Contrary to popular Democratic shoe banging, Republicans are not passing voter ID laws to restrict poor and minority voters from voting.  Republicans are passing voter ID laws because Democrats want illegal aliens to vote – and those people vote for Democrats:

Are voters ready to let illegal immigrants vote? A sizable number, including most Democrats, are.

The latest Rasmussen Reports national telephone survey finds that one-out-of-three Likely U.S. Voters (35%) now believes that illegal immigrants should be allowed to vote if they can prove they live in this country and pay taxes. Sixty percent (60%) disagree, while five percent (5%) are undecided. (To see survey question wording, click here.)

Fifty-three percent (53%) of Democrats think tax-paying illegal immigrants should have the right to vote. Twenty-one percent (21%) of Republicans and 30% of voters not affiliated with either major political party agree.

Note – this is not LEGAL immigrants, still not citizens mind you, but ILLEGAL immigrants.

Democrats want to extend this right only because illegal immigrants vote Democratic.


Voter ID – Alabama Style


Recently had a Facebook conversation with respect to the origination of the right to vote – federal or state.  Fascinating concept and a little disturbing.  I’ve always thought that the right to vote was precious and perhaps cardinal among the rights of citizens protected by governments.  Where ever that right emanates from, I would like to see it made clear that such a right is federally protected.

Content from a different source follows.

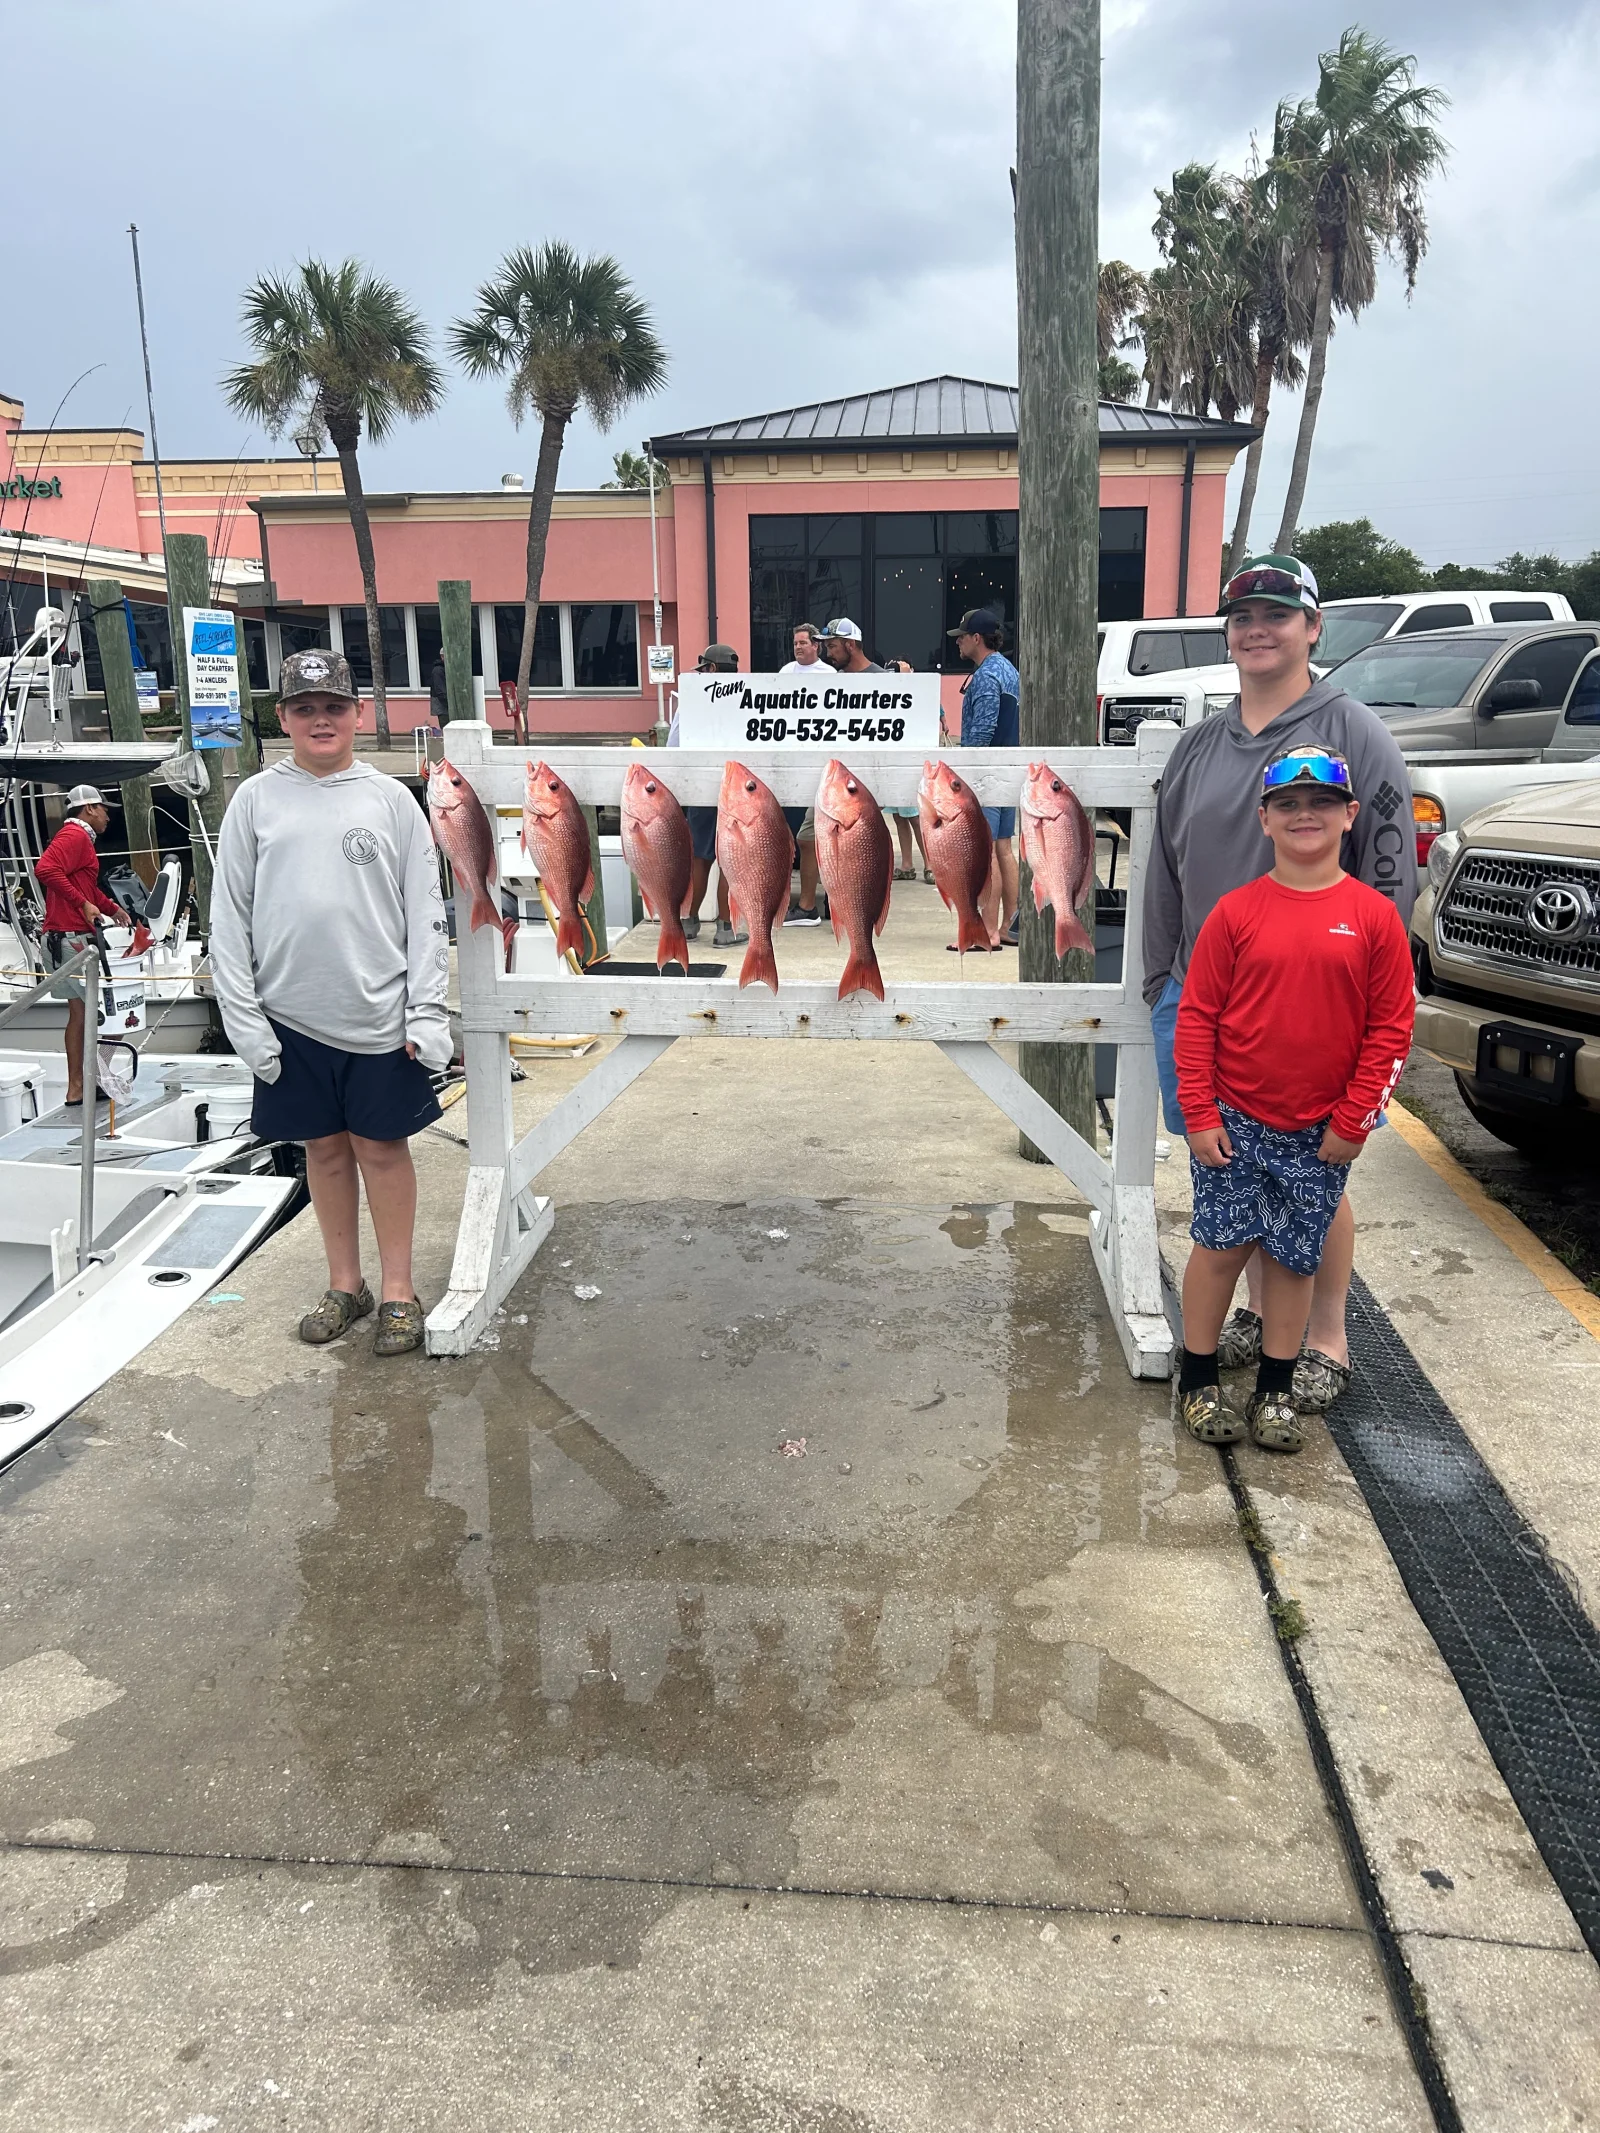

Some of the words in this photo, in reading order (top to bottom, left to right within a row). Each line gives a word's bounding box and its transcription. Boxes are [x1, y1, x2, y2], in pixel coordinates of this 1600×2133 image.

[704, 680, 745, 703] Team
[740, 688, 818, 714] Aquatic
[824, 688, 913, 709] Charters
[746, 718, 905, 742] 850-532-5458

Anywho – during that conversation, the goings on in Alabama came up.  For those who don’t know, Alabama has passed voter ID laws and was recently allowed to implement them:

MONTGOMERY, Alabama —  Today’s U.S. Supreme Court decision clears the way for Alabama’s new photo voter ID law to be used in the 2014 elections without the need for federal preclearance, state officials said.

Alabama Attorney General Luther Strange and Secretary of State Beth Chapman said they believed the voting requirement, which is scheduled to take effect with the June 2014 primaries, can simply move forward.

“Photo voter ID will the first process that we have gone through under this new ruling,” Chapman said today.

Alabama lawmakers in 2011 approved a law to require Alabamians – beginning with the party primaries in June of 2014 — to show photo identification in order to vote.

Then, in a controversial move, Alabama has closed multiple DMV satellite offices – mostly in black and poor communities:

… Alabama just took a giant step backward.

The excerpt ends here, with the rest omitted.